#### [About this task]
Apart from the pictures, return every line of the listing exactly.
(Records supplied Opens)
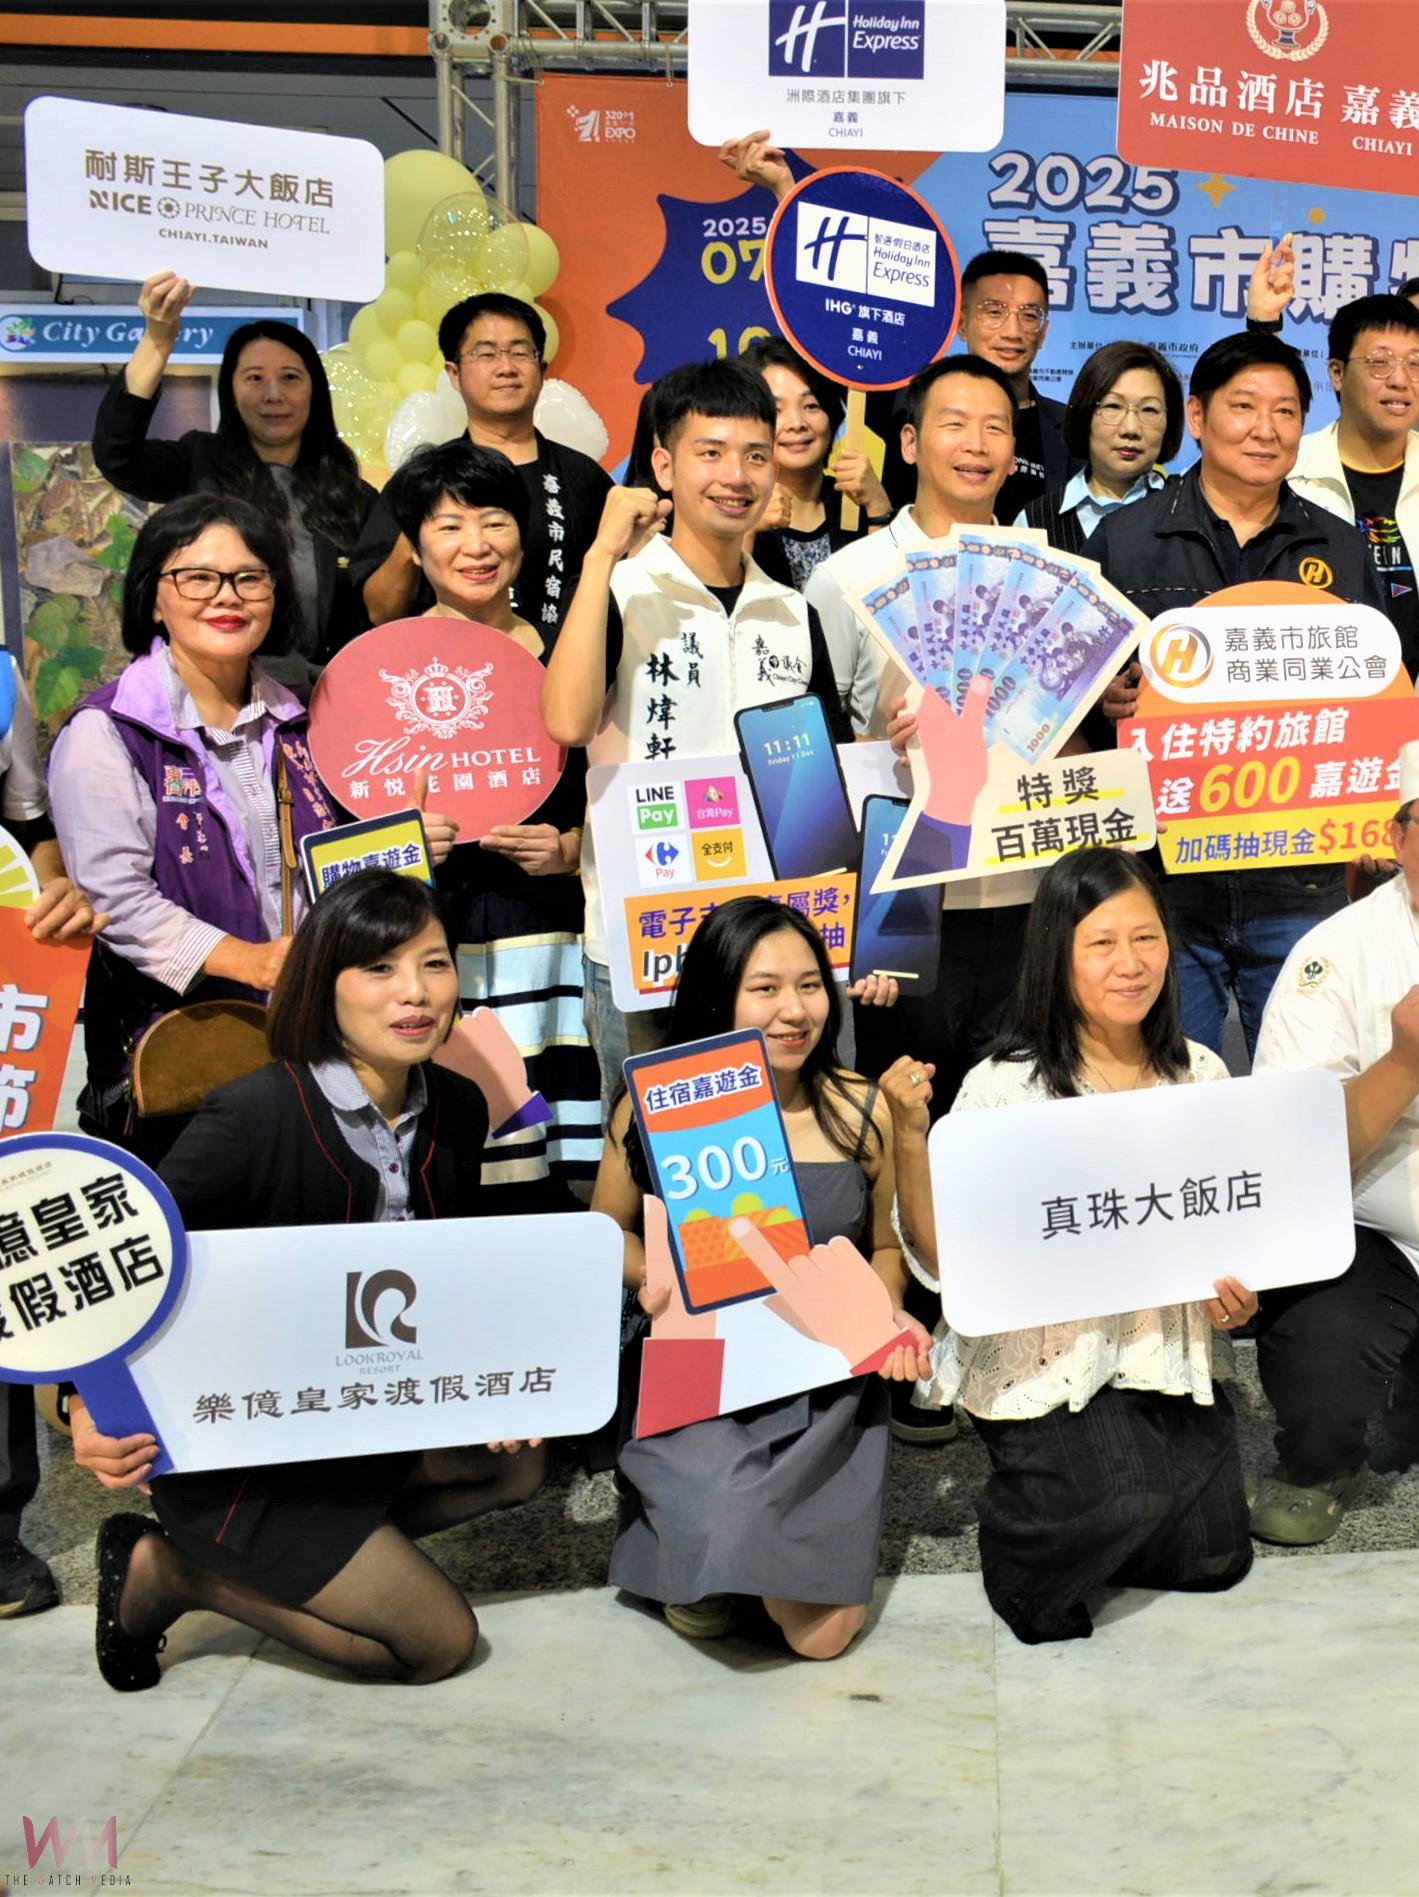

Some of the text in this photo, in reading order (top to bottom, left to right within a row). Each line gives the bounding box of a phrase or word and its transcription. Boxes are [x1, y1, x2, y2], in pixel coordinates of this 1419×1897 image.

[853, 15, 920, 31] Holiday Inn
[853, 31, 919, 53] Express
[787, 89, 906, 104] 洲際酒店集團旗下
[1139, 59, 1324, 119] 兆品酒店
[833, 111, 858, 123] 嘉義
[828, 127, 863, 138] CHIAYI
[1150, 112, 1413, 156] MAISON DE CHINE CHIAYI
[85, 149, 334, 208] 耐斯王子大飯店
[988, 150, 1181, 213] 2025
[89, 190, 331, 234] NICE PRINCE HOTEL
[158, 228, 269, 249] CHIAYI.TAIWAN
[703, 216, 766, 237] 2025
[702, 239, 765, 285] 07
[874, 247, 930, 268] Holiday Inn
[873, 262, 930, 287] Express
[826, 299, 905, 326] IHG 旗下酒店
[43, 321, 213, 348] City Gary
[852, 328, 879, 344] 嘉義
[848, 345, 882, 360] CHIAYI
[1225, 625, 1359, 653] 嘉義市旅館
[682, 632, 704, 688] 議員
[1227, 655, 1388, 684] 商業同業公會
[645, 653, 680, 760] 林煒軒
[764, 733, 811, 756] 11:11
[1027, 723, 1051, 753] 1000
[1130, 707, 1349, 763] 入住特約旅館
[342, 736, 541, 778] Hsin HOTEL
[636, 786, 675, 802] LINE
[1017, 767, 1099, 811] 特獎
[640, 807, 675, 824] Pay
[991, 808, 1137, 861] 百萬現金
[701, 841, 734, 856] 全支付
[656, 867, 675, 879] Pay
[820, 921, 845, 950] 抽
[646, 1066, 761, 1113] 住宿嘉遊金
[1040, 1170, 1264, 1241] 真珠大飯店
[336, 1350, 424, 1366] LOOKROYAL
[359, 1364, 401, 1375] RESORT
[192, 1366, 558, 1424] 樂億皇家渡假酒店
(Records supplied Closes)
#### [Result below]
Some of the text in this photo, in reading order (top to bottom, left to right within a row). Each line gives the bounding box of a phrase or word and its transcription. Boxes are [x1, y1, x2, y2], in pixel coordinates of this 1419×1897 image.

[853, 15, 920, 31] Holiday Inn
[853, 31, 919, 53] Express
[787, 89, 906, 104] 洲際酒店集團旗下
[1139, 59, 1324, 119] 兆品酒店
[833, 111, 858, 123] 嘉義
[828, 127, 863, 138] CHIAYI
[1150, 112, 1413, 156] MAISON DE CHINE CHIAYI
[85, 149, 334, 208] 耐斯王子大飯店
[988, 150, 1181, 213] 2025
[89, 190, 331, 234] NICE PRINCE HOTEL
[158, 228, 269, 249] CHIAYI.TAIWAN
[703, 216, 766, 237] 2025
[702, 239, 765, 285] 07
[874, 247, 930, 268] Holiday Inn
[873, 262, 930, 287] Express
[826, 299, 905, 326] IHG 旗下酒店
[43, 321, 213, 348] City Gary
[852, 328, 879, 344] 嘉義
[848, 345, 882, 360] CHIAYI
[1225, 625, 1359, 653] 嘉義市旅館
[682, 632, 704, 688] 議員
[1227, 655, 1388, 684] 商業同業公會
[645, 653, 680, 760] 林煒軒
[764, 733, 811, 756] 11:11
[1027, 723, 1051, 753] 1000
[1130, 707, 1349, 763] 入住特約旅館
[342, 736, 541, 778] Hsin HOTEL
[636, 786, 675, 802] LINE
[1017, 767, 1099, 811] 特獎
[640, 807, 675, 824] Pay
[991, 808, 1137, 861] 百萬現金
[701, 841, 734, 856] 全支付
[656, 867, 675, 879] Pay
[820, 921, 845, 950] 抽
[646, 1066, 761, 1113] 住宿嘉遊金
[1040, 1170, 1264, 1241] 真珠大飯店
[336, 1350, 424, 1366] LOOKROYAL
[359, 1364, 401, 1375] RESORT
[192, 1366, 558, 1424] 樂億皇家渡假酒店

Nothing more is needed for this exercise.